There is a very long list of technical adjustment that a webmaster can apply to successfully improve SEO on his site. However, it seems like even seasoned professionals stick to the very basics.

Don’t let yourself fall into this trap. Even if you are a beginner, you should start your SEO endeavors with the right feet. Here you have 15 technical SEO actionable facts and tips for you to apply today.

1. Dominating the Sitemaps

More effort should be invested in sitemaps. As a beginner, you should look for your XML sitemaps to be properly UTF-8 encoded, have no more than 50,000 URLs and weigh less than 50 MB, have an index file over multiple submissions, and have different sitemaps instead of media types and formats.

2. Internal and External Linking

While most professionals focus on external link building, having a well-thought structure of internal links is a great idea that is often ignored. Google gives value to internal linking as well.

3. Speed Is Everything


You may have thousands of high-quality links pointing to your site but if it has considerably slow load times, you are completely lost. Google care a lot about user experience, so slow sites will not rank. Use PageSpeed Insights tools from Google in order to understand what is going wrong.

4. Sitemap’s Structure Is Not Relevant

Do not waste too much time with your sitemap's structure, as it isn’t relevant for Google. Your site will be not affected in any way possible by the structure you (or your plugin) choose for the XML file.

5. Home Page Comes First

This doesn’t apply to every single case, but Google likes to crawl the home page of a site first. Have it in mind while optimizing.

6. No-Index as a Tool

We have a “crawl budget” to manage in order to make the most from Google. We don’t want that budget to be wasted by valueless pages on our site. Tag them as “no-index” in order to leave them aside.

7. Shifting to HTTPS

Just like Google is prioritizing mobile-enhanced websites, they are also paying a lot of attention to HTTPS-enabled sites, which provide stronger security to the users.

8. Keeping Redirects Working for a Year

Google may take a few months before recognizing that a site has been moved.

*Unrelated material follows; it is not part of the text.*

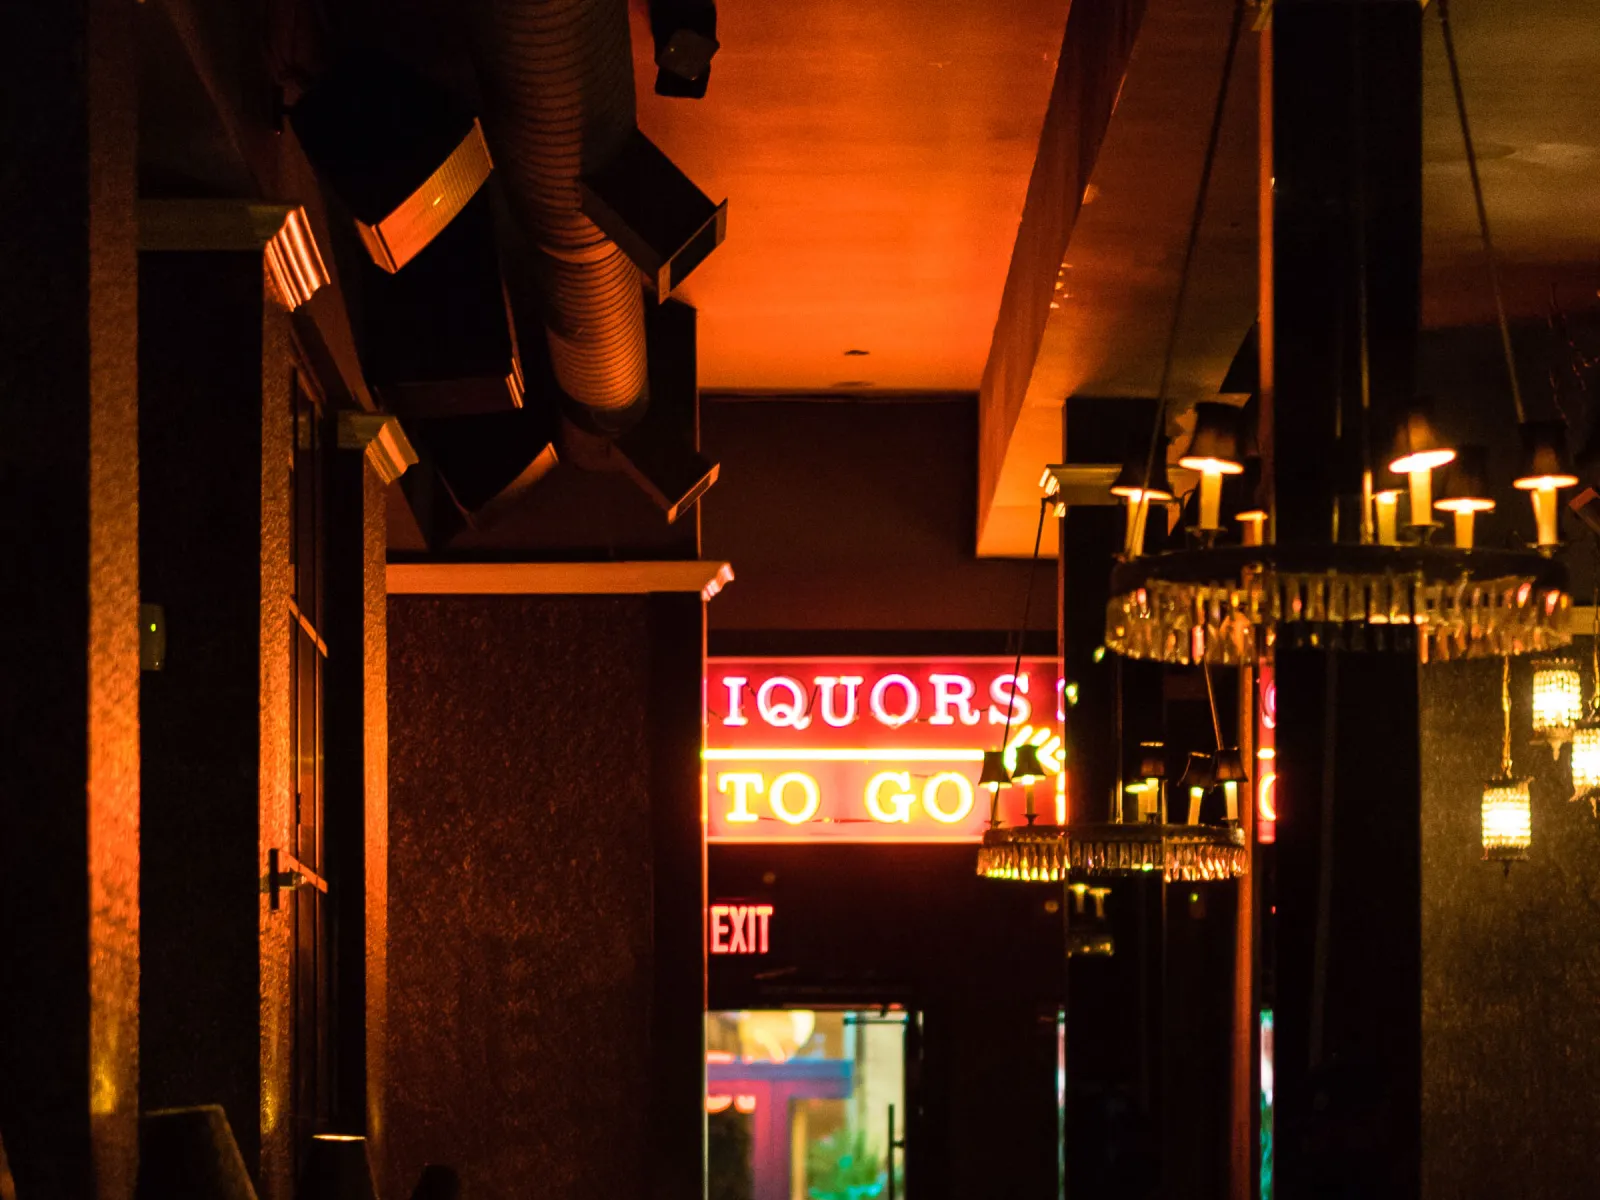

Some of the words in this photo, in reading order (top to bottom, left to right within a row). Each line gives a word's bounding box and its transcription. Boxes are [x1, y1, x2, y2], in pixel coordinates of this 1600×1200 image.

[717, 771, 821, 825] TO
[864, 770, 976, 825] GO
[709, 904, 773, 954] EXIT

That’s why it’s recommended to keep 301 redirections live for a year.

9. Controlling the Search Box in the SERP

If you need to do so, you can now control several details of the search box that may appear alongside with your site on Google results. It can be manually disabled or configured to work with your own in-site search engine.

10. Avoiding Translation in Search Results

By using the “notranslate” meta tag, you can stop Google from automatically translating your site on the result page, something that goes wrong very often.

11. Robots.txt are Case-Sensitive

This one is simple yet essential: use lowercase only to name the “robots.txt” file or Google will not be able to crawl it.

12. Avoid Cached Versions without Any Fear

For a while, it was thought that the “noarchive” meta tag used to avoid cached versions was damaging rankings. Not true. Use the tag as you please.

13. Infinity Scroll is not a Good Idea

Google crawlers have a hard time accessing infinity scroll on websites. This means big trouble. However, there is a way to avoid the issue and keep the infinity scrolling feature: implementing the replaceState/pushState tweak.

14. Understanding Crawlers’ POV

For SEO professionals, it’s highly important to understand how crawlers are seeing their websites. With the Mobile Usability tool from Google Console, it’s easy to see the site from the crawlers’ perspective and know what is wrong.

15. Canonical from New to Main Domain

In order to save the value from old domains and use it on new domains, adding canonical can be the easy, down-to- earth solution.